Long story short, tomorrow night I get to see this movie in theaters for the first time since that original, magical experience. I'm even going to put up with 3D, which I can't stand, just so I can get the full IMAX screen.

Through the years, my love of Jurassic Park hasn't diminished one bit. I'm lucky to have found a whole clan of people through my job who also obsess over this movie, and we annoy everyone else in the office by quoting it incessantly. 

But I think the pinnacle of my Jurassic Park fan-life was made just this past month, at my museum's Dinosaur Day symposium.

I'd spent two year's putting this event together, and we had many fabulous paleontologists attend. The biggest name, though, was Jack Horner.
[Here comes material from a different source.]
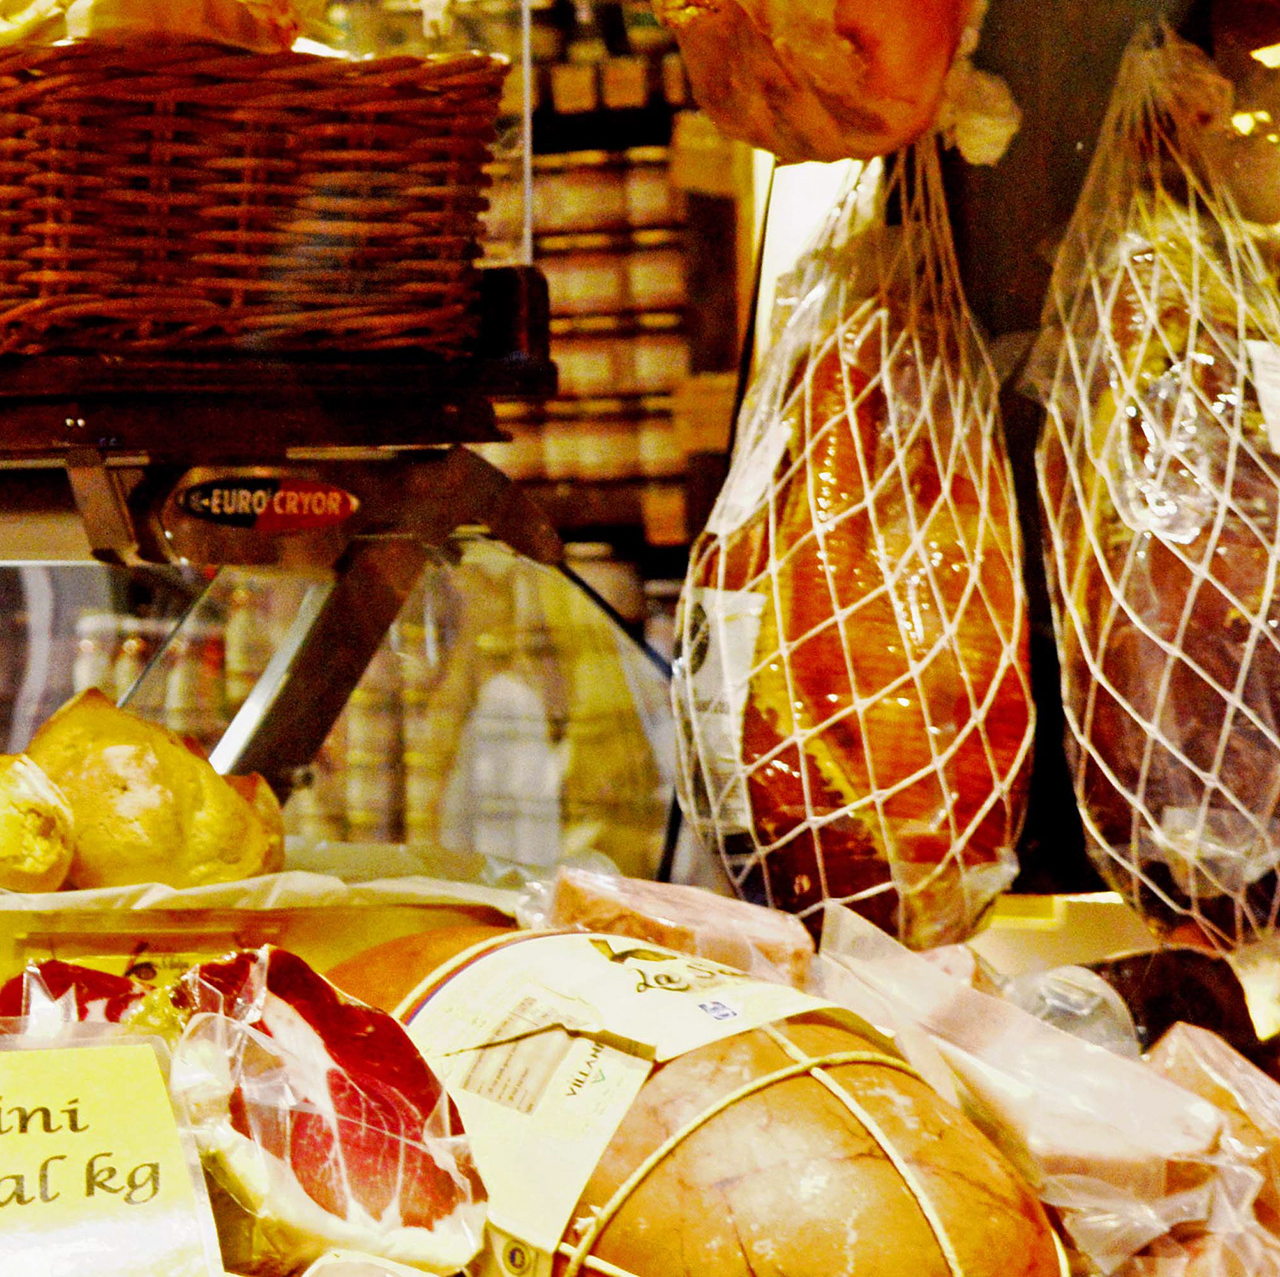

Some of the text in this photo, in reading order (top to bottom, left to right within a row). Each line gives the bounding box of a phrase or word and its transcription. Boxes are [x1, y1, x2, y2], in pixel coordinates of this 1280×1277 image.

Jack Horner was one of the consultants for Jurassic Park, and it's said that Dr. Grant was partially based off of him. This guy was basically one of my childhood heroes, and not only did I get to work with him, something pretty amazing happened at the dinner event that marked the end of the symposium.

Jack Horner was saying a few words to all the dinner guests about how they're working on genetically reverse-engineering chickens to look more like classic dinosaurs. A person at one of the dinner tables near the back asked what he planned on doing with these engineered dinosaurs. My co-organizer, who was sitting next to me at the table closest to Dr. Horner's podium, shouted, "Theme Park!"

Jack replied, "I don't know. Where would I put it?"

And, without even missing a beat, in front of a room full of VIPs, scientists, and the president of my museum, I burst out with: "On an island off the coast of Costa Rica!"

And Jack laughed. And I laughed. And then I'd realized I'd just cracked a Jurassic Park joke with Jack Horner, and I had to make sure I wasn't dreaming. Most of the room had zero idea why we were laughing, but I didn't care. The seven year-old me had just attained ultimate wish fulfillment, and that was all that mattered.

So I think I'm ready. It's been twenty years. In that time, I've been a paleontologist, I've dug up fossils, I've become our museum's go-to dinosaur girl, and I've even worked with Jack Horner himself. Seven year-old me would be delighted beyond comprehension to have known all of that was in my future.

And, as cheesy as it sounds, I just can't help but wonder if any of this would've happened to me if it wasn't for this epic movie. Would I have taken the same path? Would I be a different person today?

I guess I'll never really know. Maybe I should just listen to Ian Malcolm and trust that life...finds a way.